1/11/2001 2:30:57 PM

I've been giving quite alot of thought the past few days regarding the
differences between distortion vs interpretation, as brought up by Jacky in
posts about retuned versions of other composers' pieces.

Long before I was aware of JI, I became aware, as a slide guitarist and
sometime fiddler, that the delta blues and Appalachian fiddle music that I
was immersed in learning to play did not at all conform to 12 ET. I worked
on adapting my intonation according to what I was hearing, and later, when
encountering the concepts of JI, had the proverbial light bulb go on. It
continues to fascinate me that supposedly unschooled 'folk' musicians of
various cultures have universally adopted a very natural form of intonation
to create their musics.

For many years, it had been a pet peeve of mine to hear slide players
working hard to match their slide notes to ET fretted notes, the deeper I
get into JI and microtonality, the more annoyed I now become when I hear
this being done. I was recently listening to a borrowed instructional video
of a very respected acoustic slide player, and had to turn it off, as he was
playing his bottlenecked thirds and sevenths in 12ET. Arghh.

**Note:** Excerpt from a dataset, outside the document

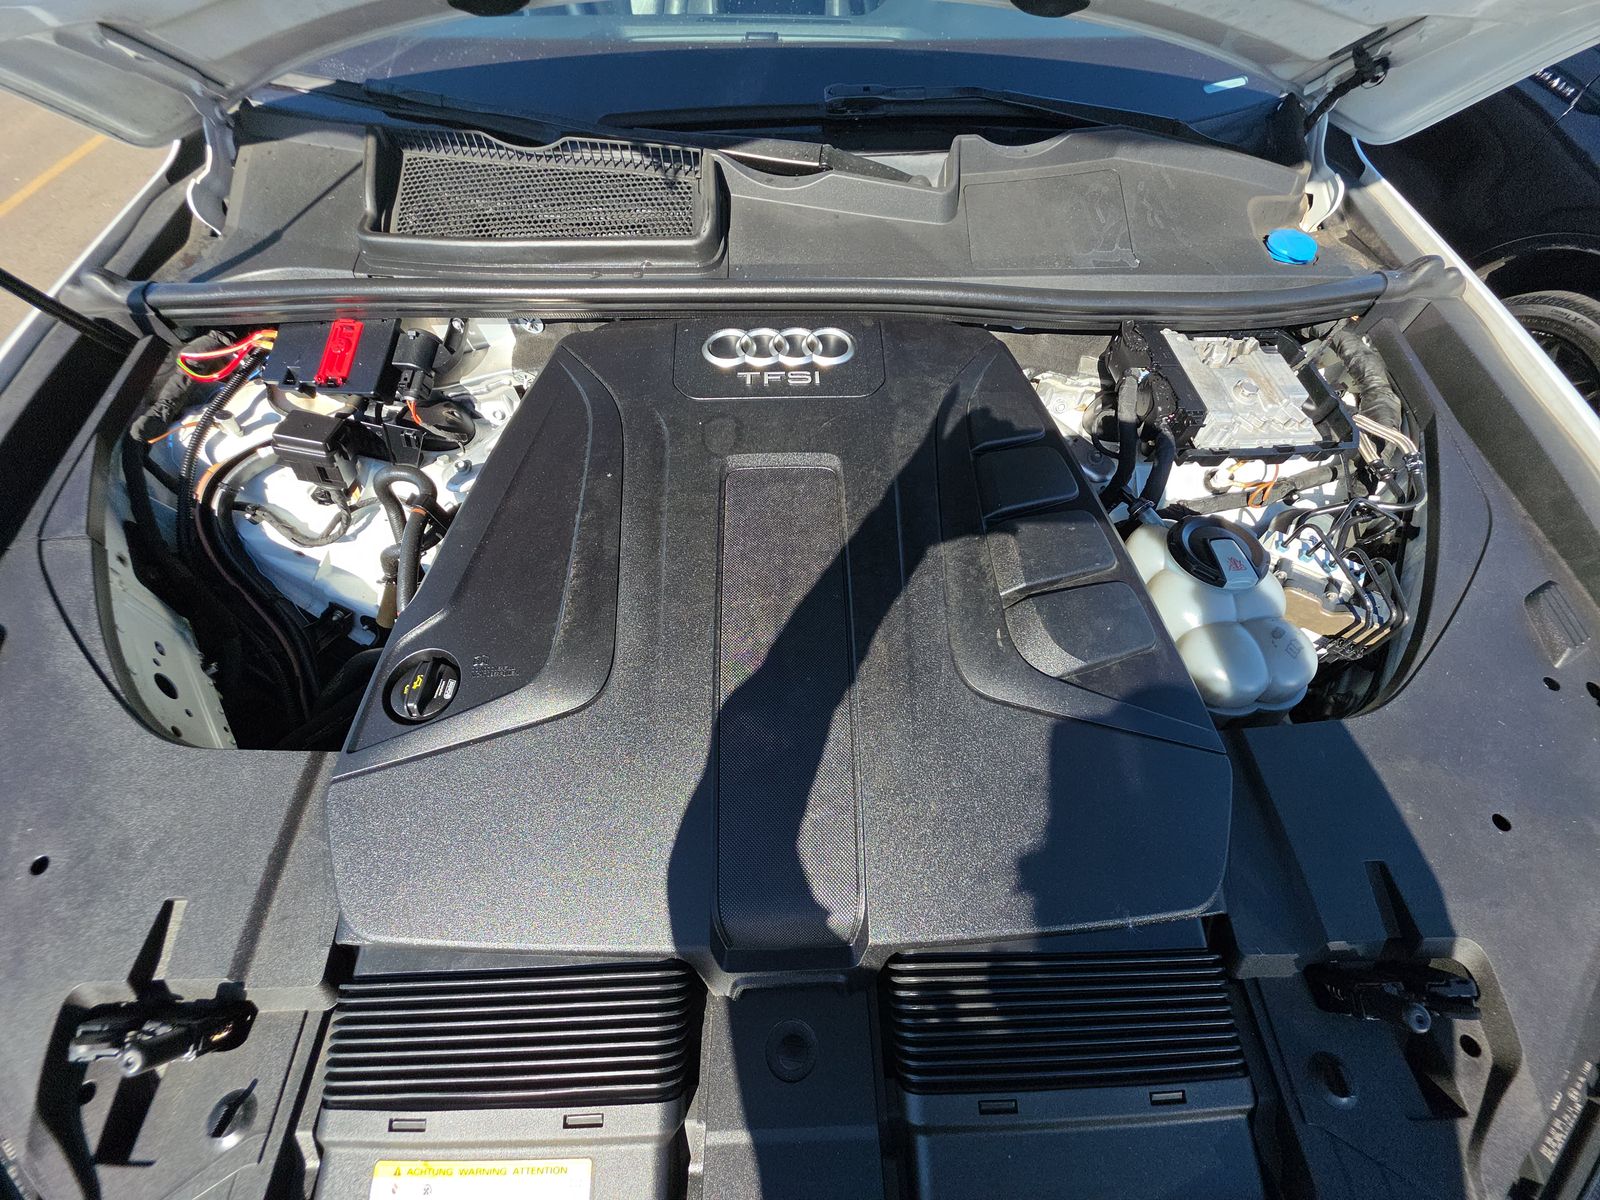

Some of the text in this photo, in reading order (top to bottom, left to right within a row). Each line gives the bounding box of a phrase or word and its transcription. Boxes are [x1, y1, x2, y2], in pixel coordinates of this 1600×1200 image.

More and more I consider these examples to be distortion as opposed to
interpretation. I'm hearing way too many folk recordings by modern groups
whose interpretation is clean up folk music to western music standards. To
my way of thinking, this tends to dumb down the music, the best folk music
is not afraid to be edgy and raw. Interestingly, it's not that I think that
every instrument playing this music needs to be tuned strictly JI, I love
the tension created by the juxtaposition between JI thirds and sevenths in a
voice, slide guitar or fiddle against the fixed 12 ET pitch of the guitar,
banjo or piano.

BTW, I offer my definition of folk to describe either traditional dance
music and/or songs of a particular culture, as opposed to the common
perception of folk these days as a singer/songwriter playing guitar.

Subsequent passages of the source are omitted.